Telefonaktiebolaget lm ericsson (publ) (20240119300). CONFIGURING A REINFORCEMENT LEARNING AGENT BASED ON RELATIVE FEATURE CONTRIBUTION simplified abstract
Contents
- 1 CONFIGURING A REINFORCEMENT LEARNING AGENT BASED ON RELATIVE FEATURE CONTRIBUTION
- 1.1 Organization Name
- 1.2 Inventor(s)
- 1.3 CONFIGURING A REINFORCEMENT LEARNING AGENT BASED ON RELATIVE FEATURE CONTRIBUTION - A simplified explanation of the abstract
- 1.4 Simplified Explanation
- 1.5 Potential Applications
- 1.6 Problems Solved
- 1.7 Benefits
- 1.8 Potential Commercial Applications
- 1.9 Possible Prior Art
- 1.10 Unanswered Questions
- 1.11 Original Abstract Submitted
CONFIGURING A REINFORCEMENT LEARNING AGENT BASED ON RELATIVE FEATURE CONTRIBUTION
Organization Name
telefonaktiebolaget lm ericsson (publ)
Inventor(s)
Ahmad Ishtar Terra of Sundbyberg (SE)
Alberto Hata of CAMPINAS SP (BR)
Ajay Kattepur of BANGALORE (IN)
CONFIGURING A REINFORCEMENT LEARNING AGENT BASED ON RELATIVE FEATURE CONTRIBUTION - A simplified explanation of the abstract
This abstract first appeared for US patent application 20240119300 titled 'CONFIGURING A REINFORCEMENT LEARNING AGENT BASED ON RELATIVE FEATURE CONTRIBUTION
Simplified Explanation
The abstract describes a computer-implemented method for configuring a reinforcement learning agent to efficiently learn actions in an environment using a machine learning model. The method involves determining actions based on features obtained in the environment, assessing the relative contribution of each feature to the model's decision-making process, and assigning rewards to the agent based on these features.
- The method involves using a machine learning model to determine actions for a reinforcement learning agent based on environmental features.
- It includes evaluating the importance of individual features in influencing the model's decision-making process.
- Rewards given to the agent are determined based on the features and their respective contributions to the model's actions.
Potential Applications
This technology could be applied in various fields such as robotics, autonomous vehicles, game playing agents, and financial trading algorithms.
Problems Solved
This technology helps in improving the efficiency and performance of reinforcement learning agents by better understanding the impact of different features on decision-making.
Benefits
The method allows for more effective training of reinforcement learning agents, leading to better decision-making and performance in various tasks.
Potential Commercial Applications
- "Enhancing Reinforcement Learning Efficiency in Autonomous Vehicles"
Possible Prior Art
One possible prior art could be the use of feature importance analysis in machine learning models to optimize decision-making processes.
Unanswered Questions
How does this method compare to traditional reinforcement learning techniques without feature importance analysis?

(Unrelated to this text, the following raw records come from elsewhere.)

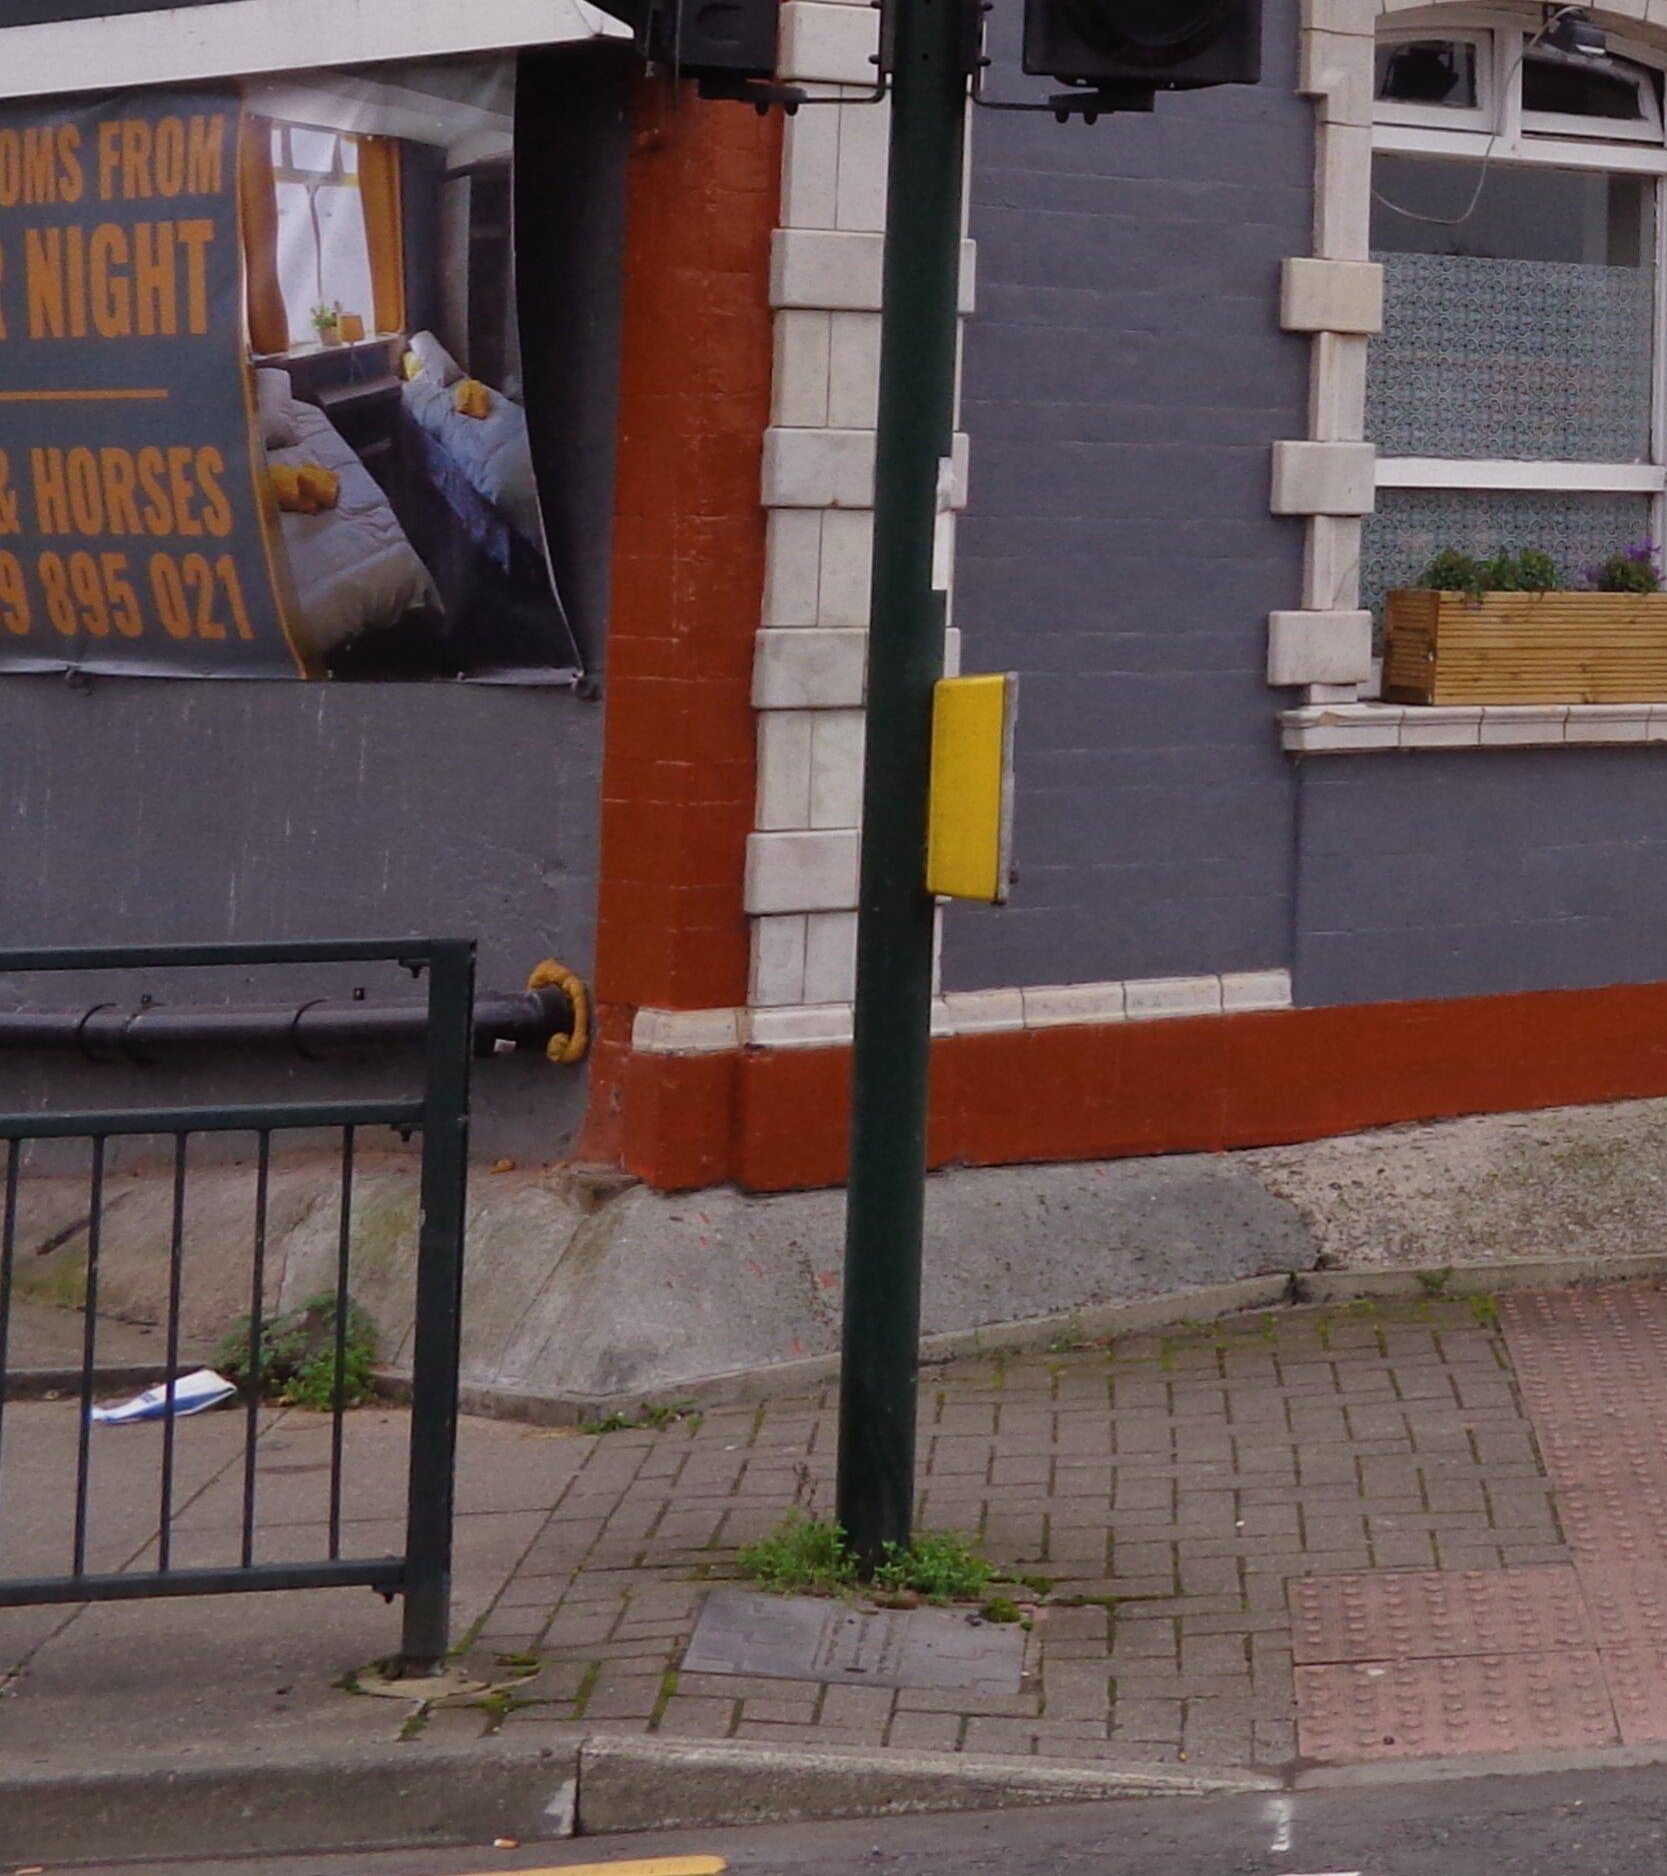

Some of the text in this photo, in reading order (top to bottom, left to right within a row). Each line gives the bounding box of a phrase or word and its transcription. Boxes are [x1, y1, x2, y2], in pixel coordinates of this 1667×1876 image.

[100, 113, 225, 200] FROM
[25, 218, 214, 339] NIGHT
[30, 446, 233, 537] HORSES
[38, 551, 144, 638] 895
[150, 552, 254, 640] 021

This article does not provide a direct comparison between the proposed method and traditional reinforcement learning techniques without feature importance analysis.

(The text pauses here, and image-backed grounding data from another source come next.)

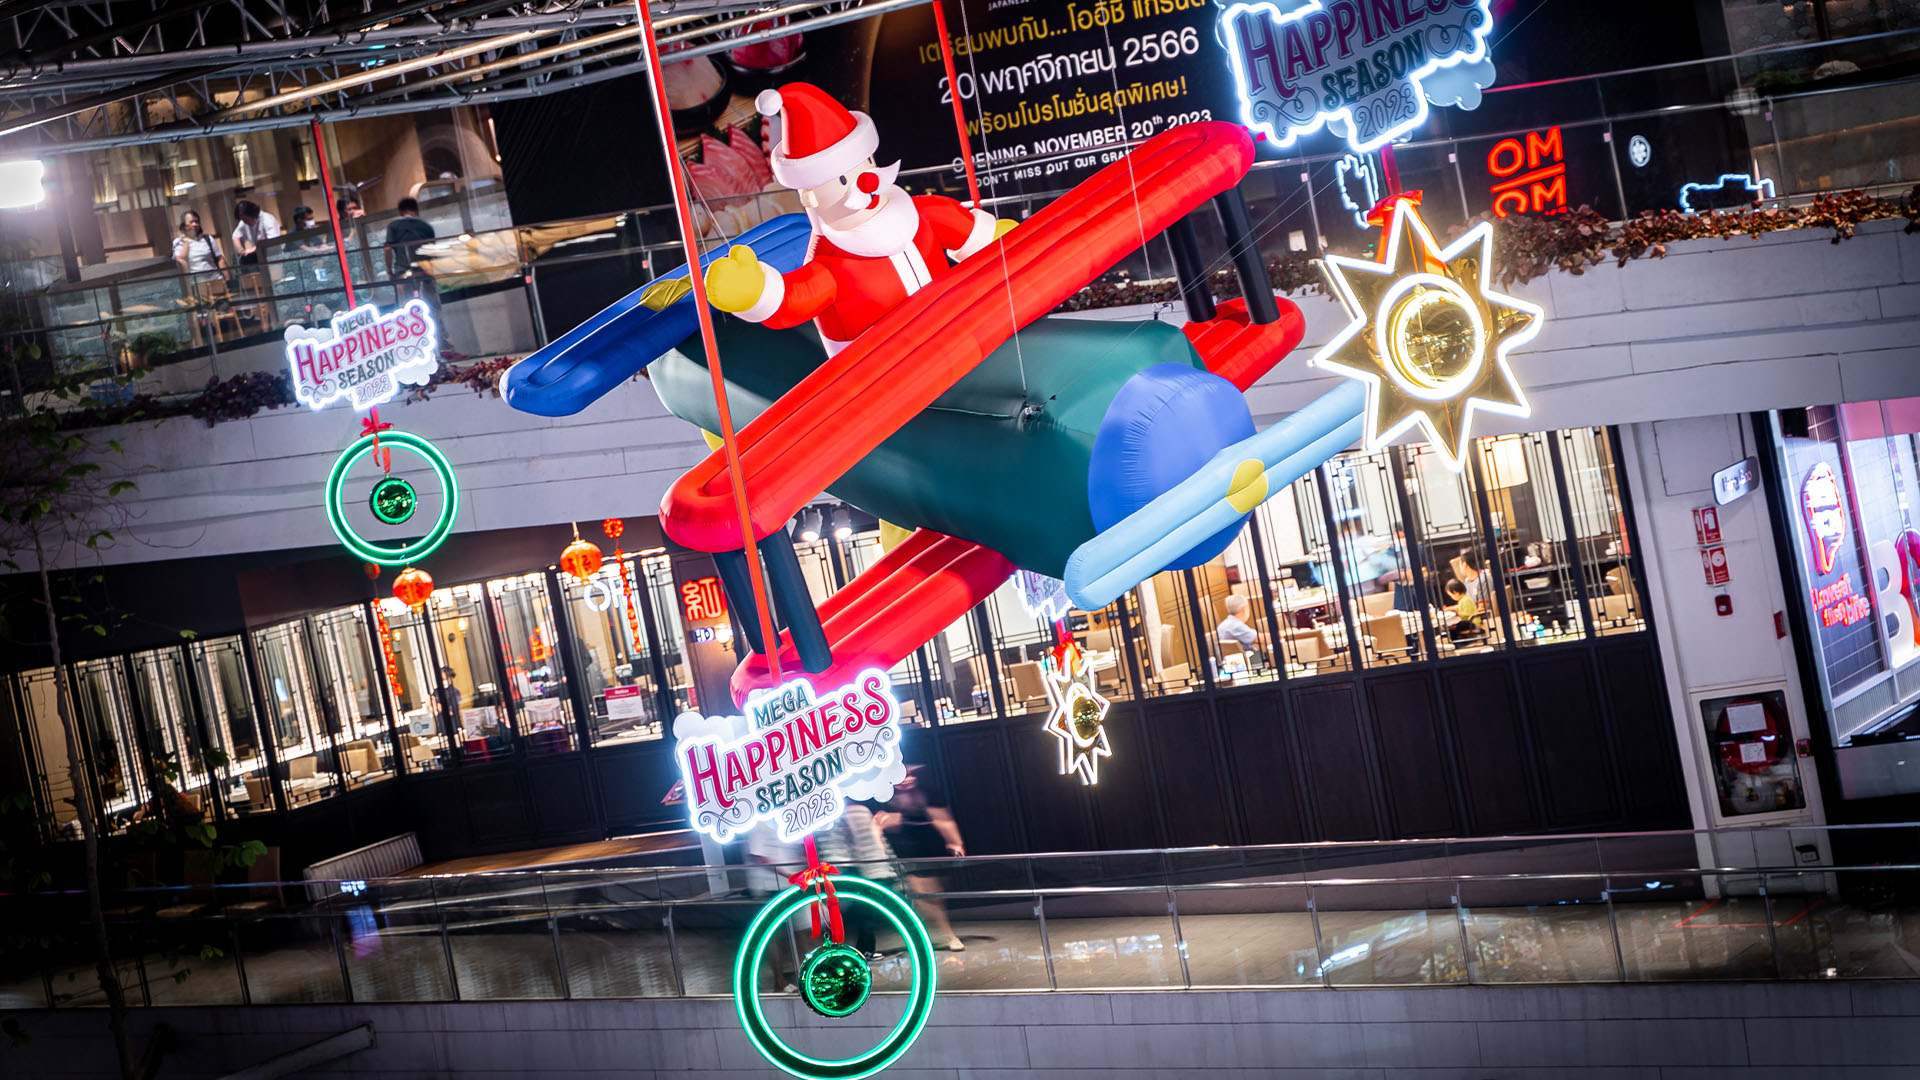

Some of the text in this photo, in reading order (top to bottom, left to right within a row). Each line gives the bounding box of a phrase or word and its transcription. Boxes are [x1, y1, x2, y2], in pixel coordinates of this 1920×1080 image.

[988, 0, 1029, 11] JAPANE
[980, 46, 1117, 96] พฤศจิกายน
[1123, 26, 1199, 67] 2566
[1235, 0, 1478, 99] HAPPINE
[1321, 28, 1427, 110] SEASON
[1355, 81, 1418, 144] 2023
[952, 144, 1029, 173] OENING
[1034, 125, 1127, 157] NOVEMBER
[1014, 166, 1042, 180] MISS
[1074, 155, 1097, 168] OUR
[1487, 125, 1565, 178] OM
[295, 305, 426, 384] HAPPINESS
[337, 310, 375, 334] MEGA
[338, 349, 396, 390] SEASON
[356, 374, 393, 403] 2023
[752, 685, 811, 730] MEGA
[687, 676, 890, 808] HAPPINESS
[755, 747, 844, 814] SEASON
[782, 788, 837, 838] 2023
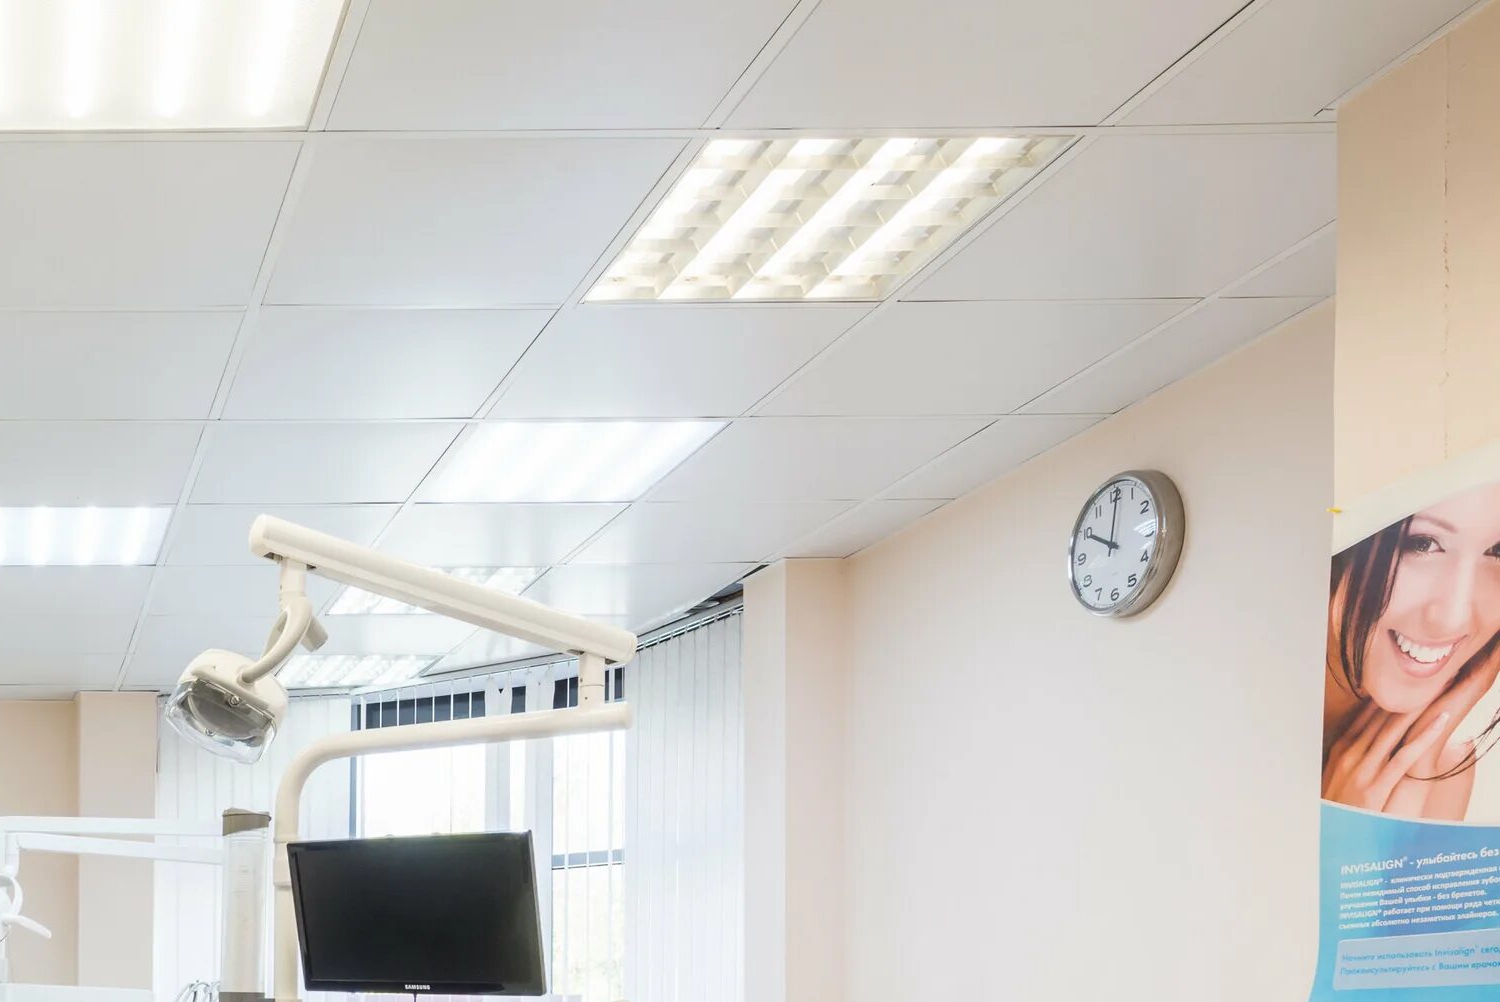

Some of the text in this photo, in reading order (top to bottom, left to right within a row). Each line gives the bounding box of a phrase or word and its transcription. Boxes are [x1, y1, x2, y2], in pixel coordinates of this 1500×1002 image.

[1109, 487, 1122, 504] 12
[1095, 505, 1102, 519] 11
[1139, 500, 1150, 514] 2
[1083, 526, 1093, 541] 10
[1077, 553, 1087, 566] 9
[1140, 550, 1149, 563] 4
[1083, 574, 1093, 588] 8
[1127, 573, 1138, 588] 5
[1095, 587, 1103, 601] 7
[1110, 588, 1120, 601] 6
[1416, 852, 1478, 869] улыбайтесь
[1480, 847, 1499, 858] без
[1438, 962, 1470, 971] Вашим

What are the potential limitations or challenges in implementing this method in real-world applications?
The article does not address potential limitations or challenges that may arise when implementing this method in practical scenarios.
Original Abstract Submitted
a computer implemented method for configuring a reinforcement learning agent to perform an efficient reinforcement learning procedure, wherein the reinforcement learning agent comprises a model trained using a machine learning process to determine actions to be performed by the reinforcement learning agent. the method comprises using the model to determine an action to perform, based on values of a set of features obtained in an environment; determining, for a first feature in the set of features, a first indication of a relative contribution of the first feature, compared to other features in the set of features, to the determination of the action by the model; and determining a reward to be given to the reinforcement learning agent in response to performing the action, based on the first feature and the first indication.